Merging the virologic and the genetic results presented herein allows the speculation that the increased blood viral loads seen in our patients are the consequence of a suboptimal control of EBV replication/reactivation by HLA-B*07+ restricted CD8+ T cell. Notably, HLA-B*07 antigen was recently shown to only weakly present viral epitopes to cytotoxic T lymphocytes [11]. This would allow more frequent EBV lytic replication/reactivation and the infection of an ampler pool of naïve B lymphocytes.
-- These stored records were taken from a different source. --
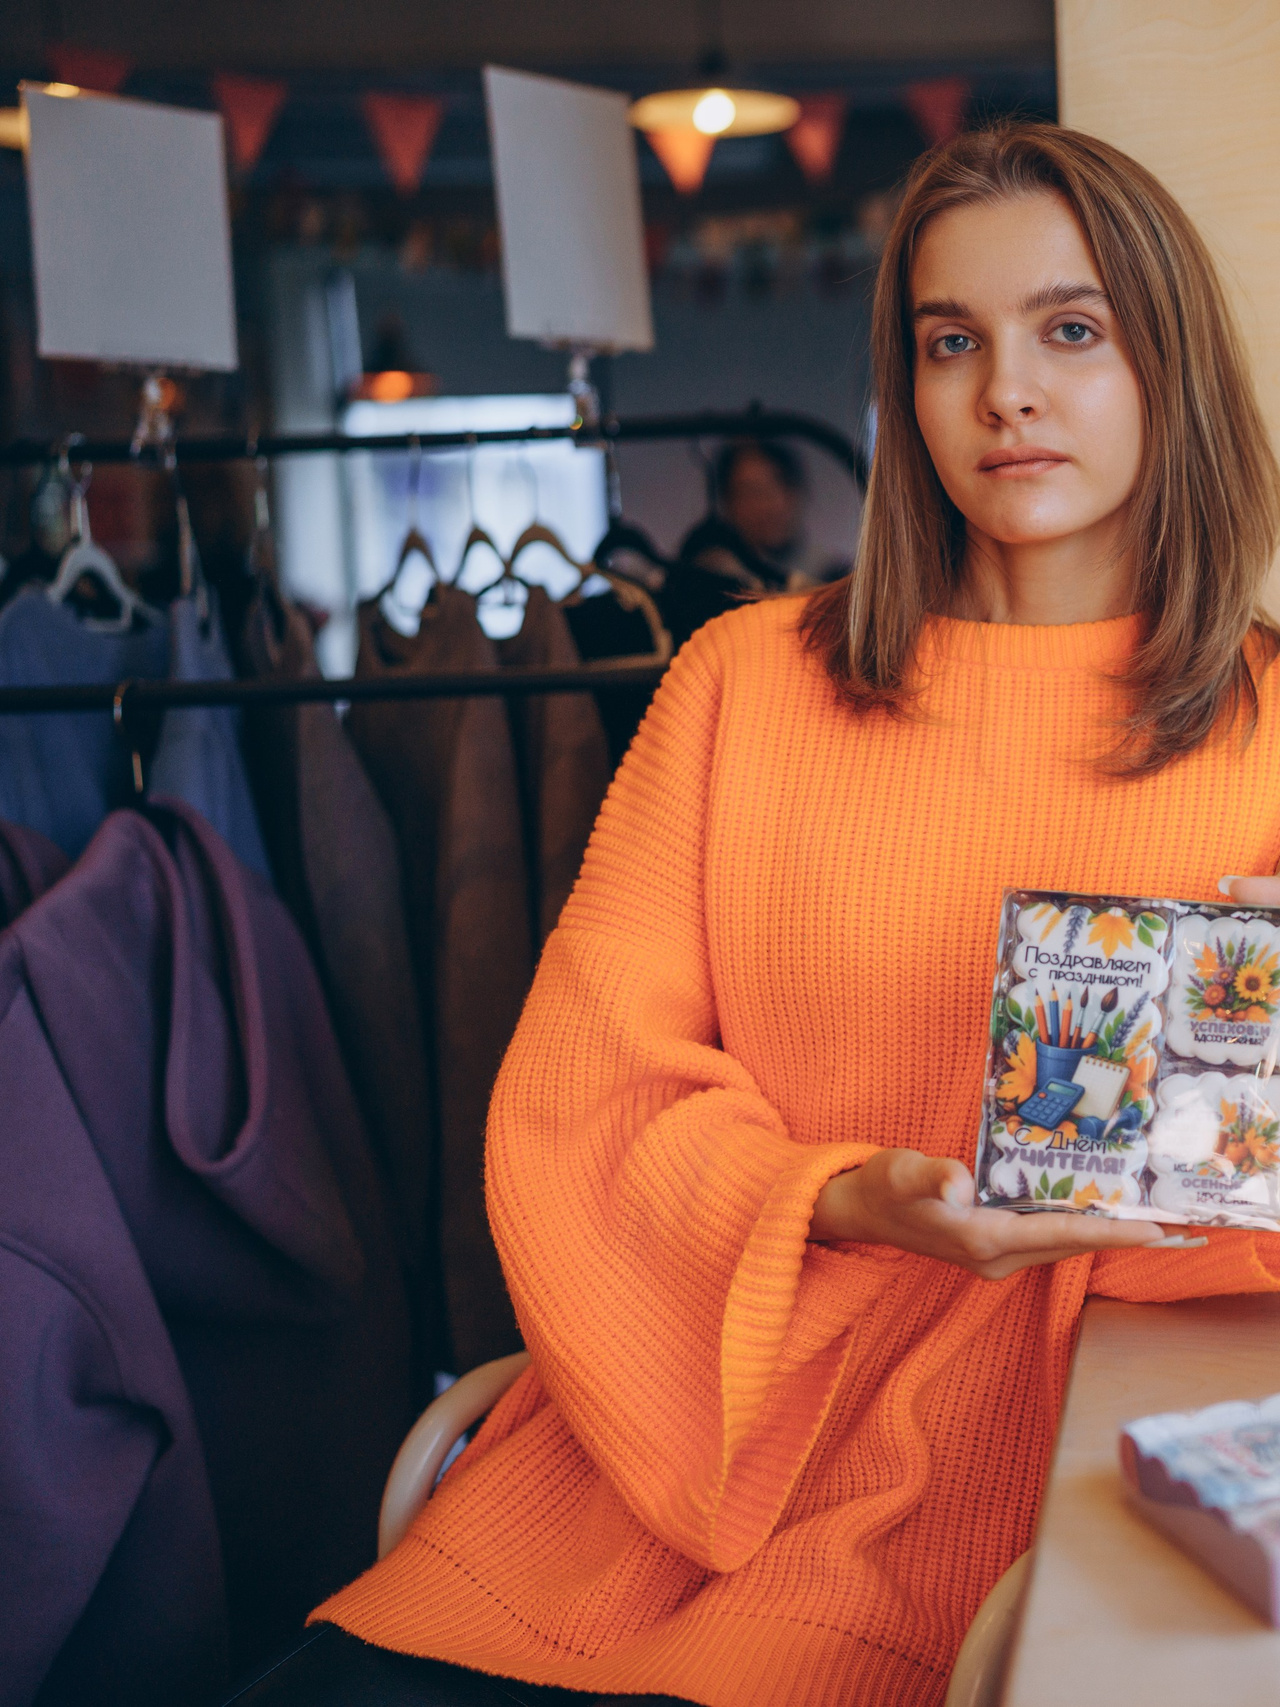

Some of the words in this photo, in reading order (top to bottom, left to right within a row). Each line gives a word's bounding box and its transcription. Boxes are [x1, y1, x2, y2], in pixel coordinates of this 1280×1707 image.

[1024, 945, 1152, 974] Поздравляем
[1028, 967, 1039, 979] с
[1048, 969, 1143, 988] праздником!
[1190, 1020, 1256, 1036] УСПЕХОВ
[1013, 1127, 1032, 1146] С
[1045, 1130, 1107, 1154] Днём
[1003, 1146, 1127, 1175] УЧИТЕЛЯ!
The suboptimal control of EBV replication/reactivation observed in HLA-B*07+ MS subjects may have had an impact on disease severity, but interestingly, no differences in EBV viral load were observed between HLA-B*07+ restricted RR- and P-MS patients. Finally, it could be expected that the frequency and/or the potency of EBV-specific cytotoxic T cell would be different in MS patients expressing (or lacking) the different HLA alleles analyzed in this study. We are currently enrolling patients and controls selected according to their HLA profiles to verify this hypothesis. Interestingly, these results are in line with several analyses performed in other diseases in which the etiologic role of EBV is suspected, or has been definitely confirmed. Thus, the presence of the HLA-A*02 allele was shown to be protective in nasopharyngeal carcinoma and in Hodgkin’s lymphomas [37, 38]. Taken together results herein reinforce the hypothesis that the role of HLA-class I antigens in the pathogenesis of MS could be at least partially mediated by their ability to control EBV infection and persistence.